Data for this task
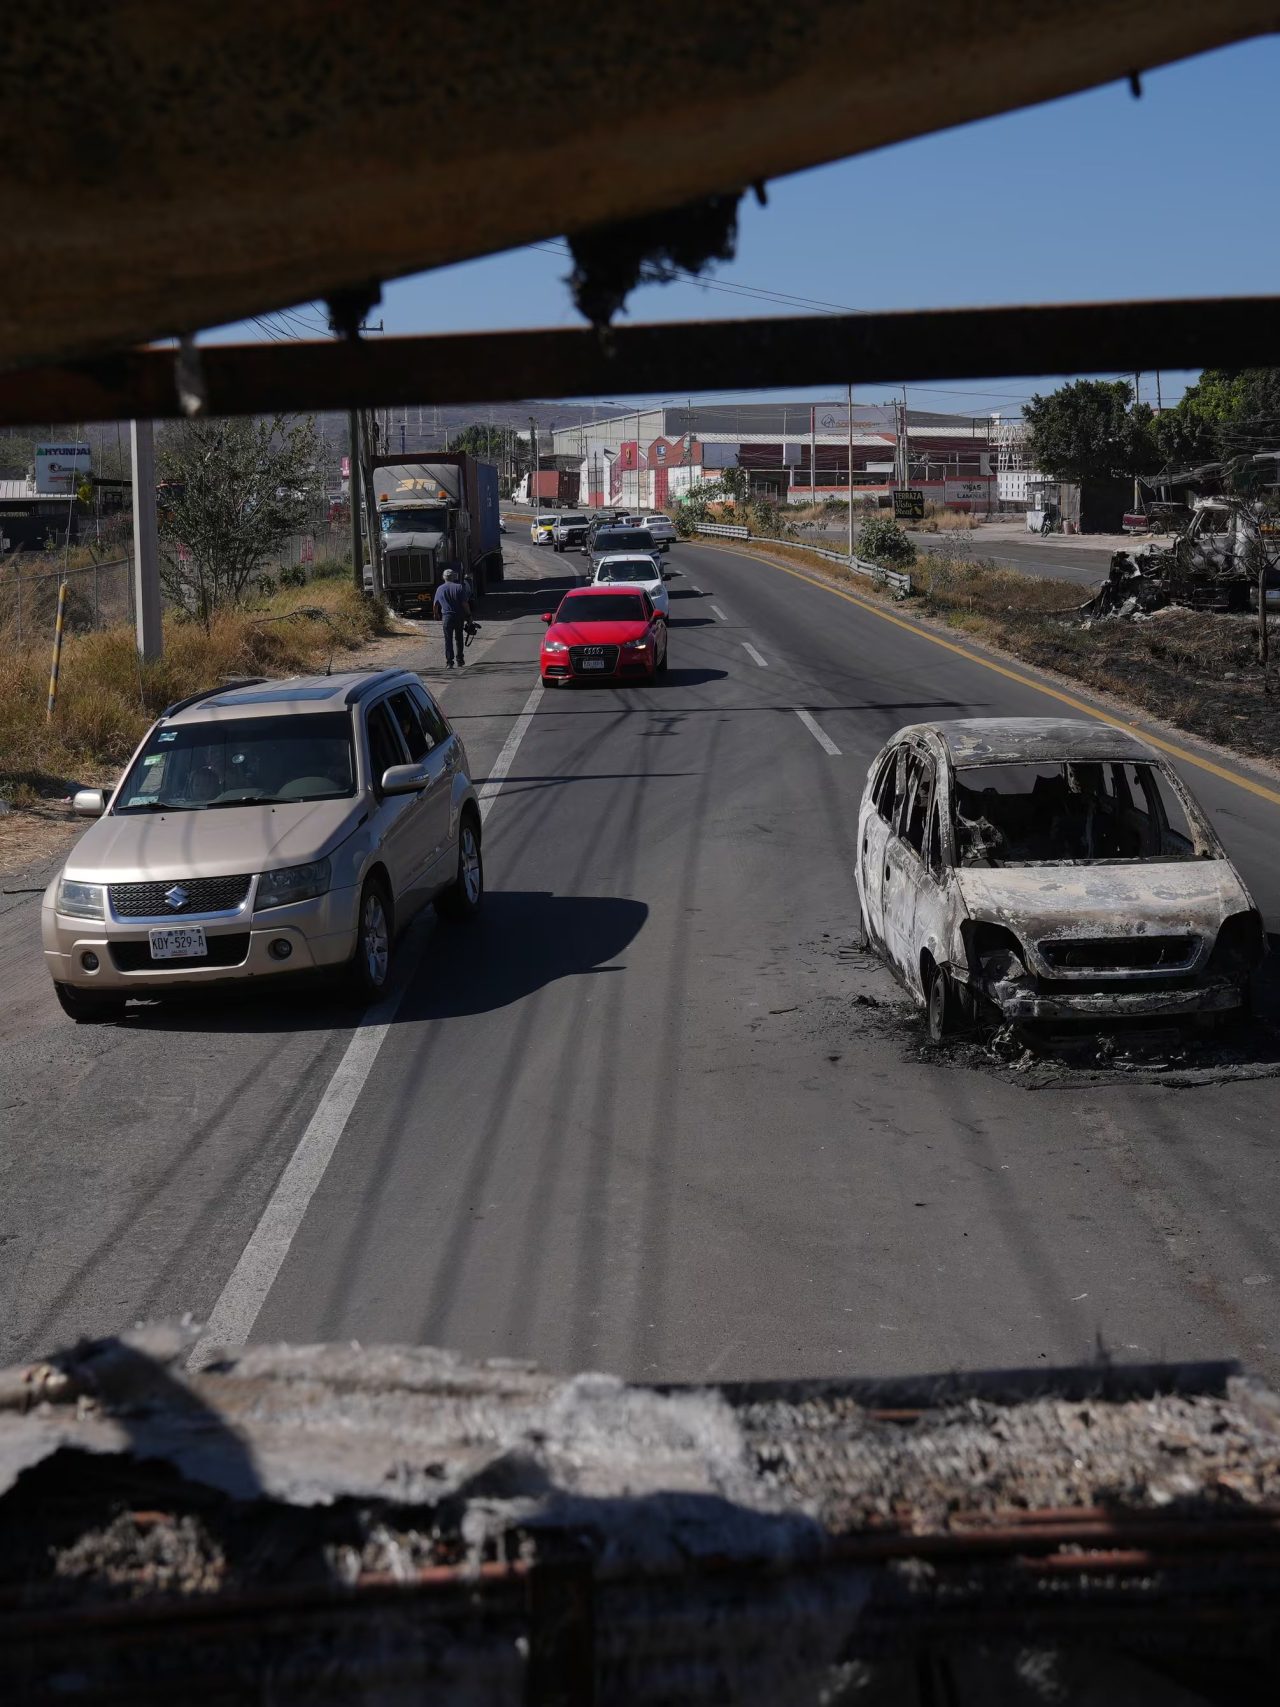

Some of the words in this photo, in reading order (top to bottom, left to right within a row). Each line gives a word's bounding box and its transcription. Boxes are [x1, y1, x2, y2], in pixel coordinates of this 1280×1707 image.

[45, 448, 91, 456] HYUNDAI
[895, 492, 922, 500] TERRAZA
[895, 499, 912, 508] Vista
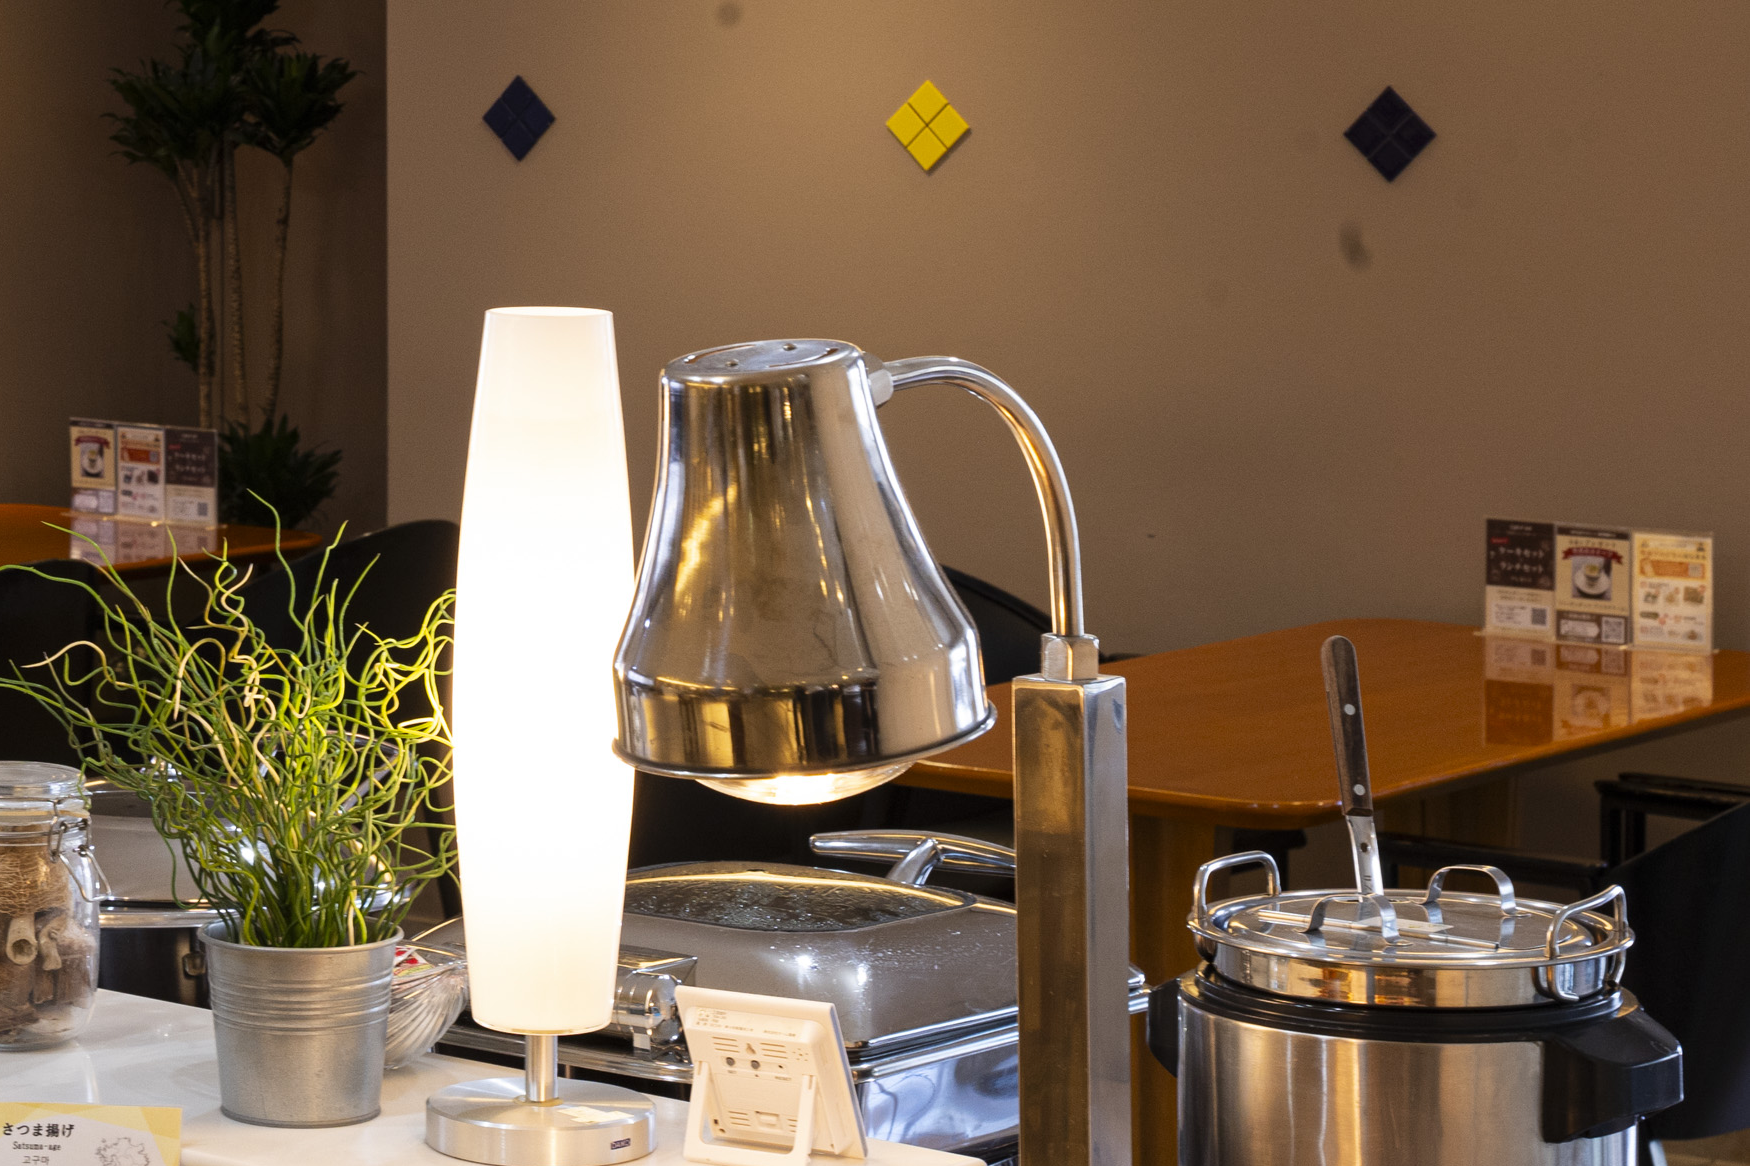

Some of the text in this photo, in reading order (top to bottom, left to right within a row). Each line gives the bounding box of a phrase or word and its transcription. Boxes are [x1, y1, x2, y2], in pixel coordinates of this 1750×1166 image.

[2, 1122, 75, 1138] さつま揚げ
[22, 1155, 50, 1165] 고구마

Work instruction
Every entry above needs to be duplicated precisely, and none of the pictures should appear.

Reply to the exercise
Some of the words in this photo, in reading order (top to bottom, left to right within a row). Each line gives a word's bounding box and its transcription. Boxes are [x1, y1, x2, y2], in pixel coordinates of this 1280×1707 image.

[45, 448, 91, 456] HYUNDAI
[895, 492, 922, 500] TERRAZA
[895, 499, 912, 508] Vista

Some of the text in this photo, in reading order (top to bottom, left to right within a row). Each line gives the bounding box of a phrase or word and its transcription. Boxes are [x1, y1, x2, y2], in pixel coordinates of this 1750×1166 image.

[2, 1122, 75, 1138] さつま揚げ
[22, 1155, 50, 1165] 고구마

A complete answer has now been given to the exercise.